One of the most persistent myths in photography is that every great image must tell a story. I disagree — and I think it’s holding photographers back.
Where This Myth Comes From
The idea likely evolved from photojournalism, where the goal is to distill a 300–500 word story into a single frame. When a journalistic image succeeds, it answers who, what, when, where, and why in one shot. That’s a powerful standard — but it’s only one corner of what photography can be.
Photography isn’t just about capturing reality. It’s also art. And art doesn’t owe anyone a narrative.

Juxtaposition in Landscape Photography: An Alternative Approach
For the past several years, I’ve been developing my Juxtaposition in Landscape Photography project, which lives firmly on the art end of the art/journalism spectrum.

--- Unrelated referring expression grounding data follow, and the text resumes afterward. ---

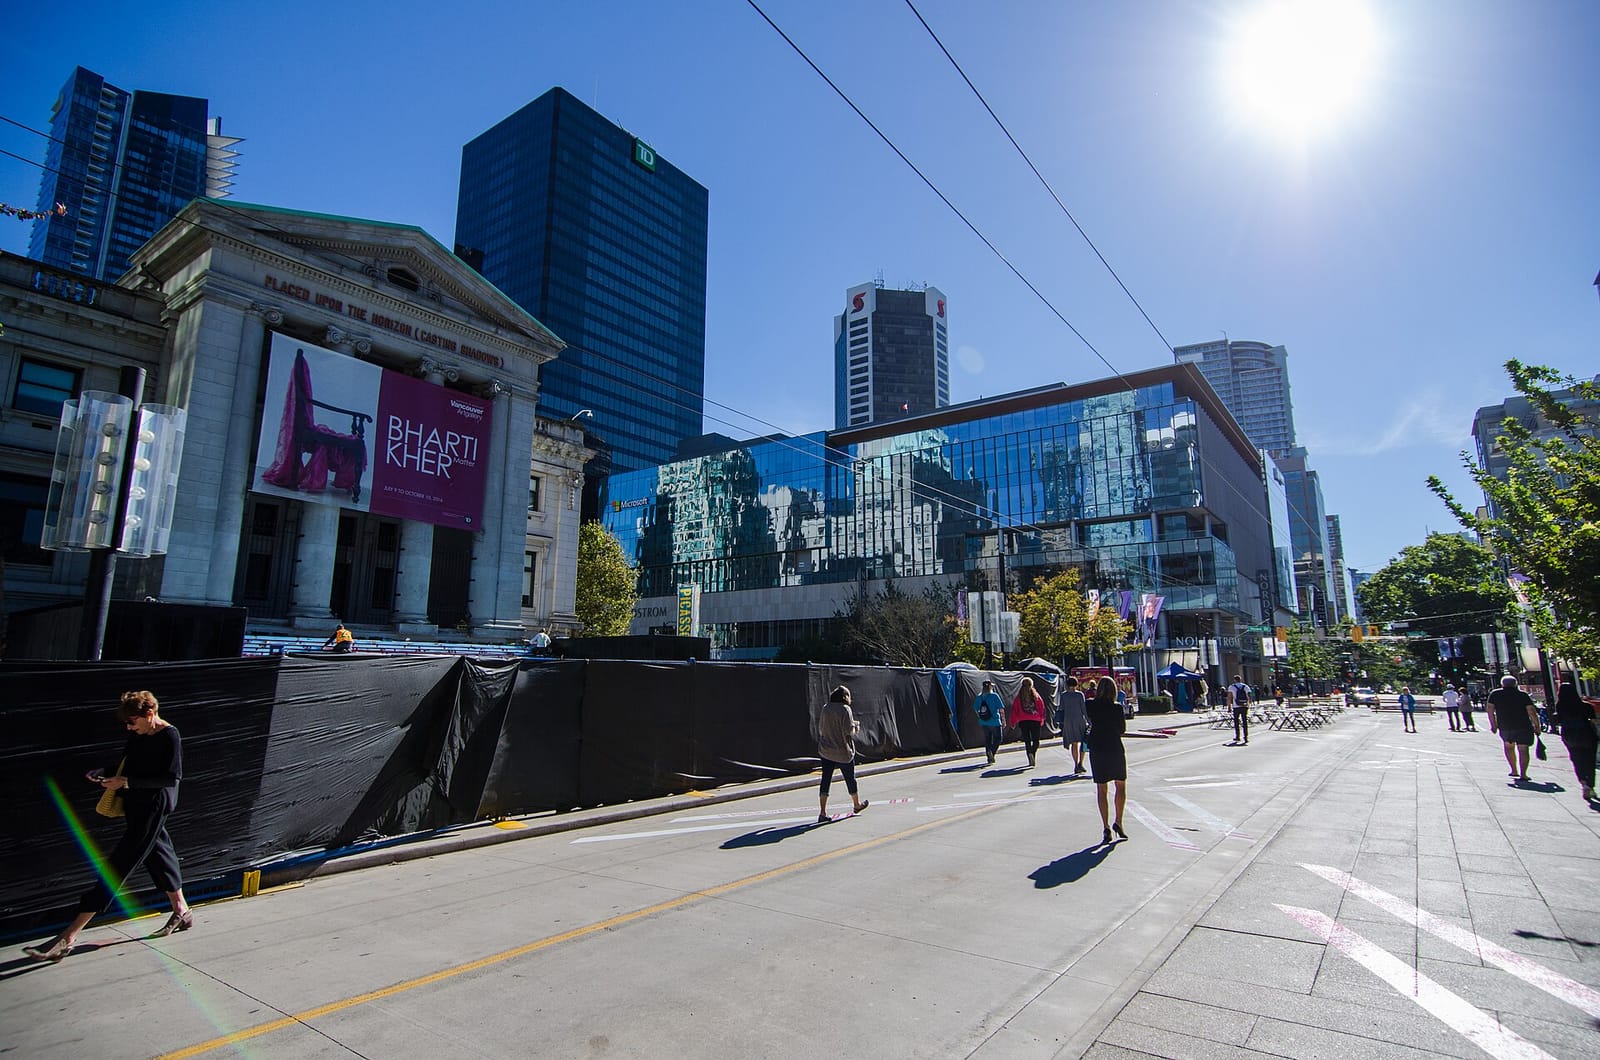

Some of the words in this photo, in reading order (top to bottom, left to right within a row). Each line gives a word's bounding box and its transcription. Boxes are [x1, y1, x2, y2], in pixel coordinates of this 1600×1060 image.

[638, 143, 654, 166] TD
[264, 275, 310, 300] PLACED
[315, 293, 343, 312] UPON
[348, 304, 368, 321] THE
[371, 312, 412, 337] HORIZON
[450, 399, 484, 415] Vancouver
[388, 415, 478, 461] BHARTI
[386, 439, 453, 479] KHER
[453, 456, 475, 467] Matter
[620, 497, 648, 508] Microsoft
[1175, 635, 1241, 648] NOTROM

I’ve also taught the concepts behind it in classes, workshops, and lectures.
The idea is simple: combine two or three concrete compositional elements and juxtapose them — letting the tension or harmony between them do the work.
The Haiku Connection
The concept comes directly from haiku, the Japanese poetic form I’ve written as a hobby for years.
Most people learned haiku in high school as a syllable-counting exercise — five, seven, five — and the results were often closer to limericks than poetry. But traditional haiku works differently. The writer places two concrete images side by side to produce an “aha moment” in the reader: a sudden flash of insight or recognition.
In my photography project, I pursue the same effect. The aha moment arrives first as pure visual impact; the viewer is struck by the beauty of the image. At a deeper level, it comes when they begin to notice how the compositional elements are echoing, contrasting, or expanding upon each other. Again, concepts rooted in haiku.
Emotion Over Narrative
I’m not trying to tell a story with these images. I’m trying to evoke an emotional response.
It’s time to retire the myth that every good photo must tell a story. A better standard for photography as art:
Every good photo must evoke emotion.
The story is optional. The feeling is not.